3. Federal Government Use of Critical Software
There is perhaps too much existing guidance for government administration and operation of software systems (NIST SPs 800-53, 800-61, 800-160, 800-161, 800-171; RMF; CMMC; CSF; FedRAMP; and FIPS to name a few). It is unclear if compliance is beneficial even if it is strictly followed. The federal executive branch must review and consolidate existing guidance. Consider material from NIST SPs 800-53 and 800-171 (possibly CMMC level 4) as minimum requirements for the use of critical software.
Incidents will occur, so agencies should have incident response capability, either in-house or on contract (We suggest guidance from NIST SP 800-61 and the FIRST CSIRT Services Framework). Some of this capability involves preparation and basic system administration practices that facilitate incident response. Suppliers sometimes lock users out of basic administrative access to products. License and contract terms may enforce lock-out. Lock-out may inhibit incident response by creating dependency on the supplier to create file system images, decrypt diagnostic reports, access the product remotely, or to perform other incident response tasks. Contracts that allow lock-out should require rapid incident response support, even when many users are responding to incidents at the same time.

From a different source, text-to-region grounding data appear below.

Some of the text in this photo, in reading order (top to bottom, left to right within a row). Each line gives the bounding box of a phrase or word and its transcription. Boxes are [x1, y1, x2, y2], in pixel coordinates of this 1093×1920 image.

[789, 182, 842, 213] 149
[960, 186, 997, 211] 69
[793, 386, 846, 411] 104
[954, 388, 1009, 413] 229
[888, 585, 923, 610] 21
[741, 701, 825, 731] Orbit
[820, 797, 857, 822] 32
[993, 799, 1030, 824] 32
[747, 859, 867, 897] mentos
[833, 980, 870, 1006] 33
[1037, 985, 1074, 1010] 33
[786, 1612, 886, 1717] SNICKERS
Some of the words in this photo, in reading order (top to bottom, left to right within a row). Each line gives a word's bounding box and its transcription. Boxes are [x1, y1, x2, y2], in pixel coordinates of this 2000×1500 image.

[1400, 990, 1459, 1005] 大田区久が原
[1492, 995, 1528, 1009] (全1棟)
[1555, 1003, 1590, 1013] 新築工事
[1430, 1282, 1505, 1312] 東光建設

Agencies should perform vulnerability management. Asset management is a prerequisite for vulnerability management (See also 2.3). Agencies should be able to notice new vulnerabilities, prioritize responses, and quickly apply updates or other mitigations (For the 4 percent of vulnerabilities analyzed that had a public exploit, the median time to public exploit availability was 2 days).
Agencies should carefully consider the benefits and risks of acquiring new software and enabling features. Operating less software and enabling fewer features reduces attack surface.
4. Testing software security
Grey-box fuzzing, which uses program instrumentation to compute code coverage and detect when new areas of the software are exercised, has been shown to be effective at both discovering security vulnerabilities and generating test corpora that exercise a broad range of software functionality. A variety of implementations have shown that grey-box fuzzing can be implemented at both the binary and source-code level with relatively low performance overhead.
Secure coding standards for a variety of programming languages exist, as do tools that analyze source code for defects that may cause vulnerabilities. Because different tools and techniques are better at identifying different types of defects, a consolidator tool should be used to merge results, collapse duplicates, and reduce reevaluation of previously reported findings. Examples include Code DX, ThreadFix, and SCALe.
5. Software integrity chains and provenance
Comprehensive knowledge of the composition of software systems (baseline SBOM as noted in 2.3) is necessary but insufficient to provide high assurance of software supply chains. Integrity and authentication (part of provenance) almost certainly require digital signatures and their accompanying infrastructure including strong identification of suppliers and other parties involved in the supply chains. See Deliver Uncompromised: Securing Critical Software Supply Chains.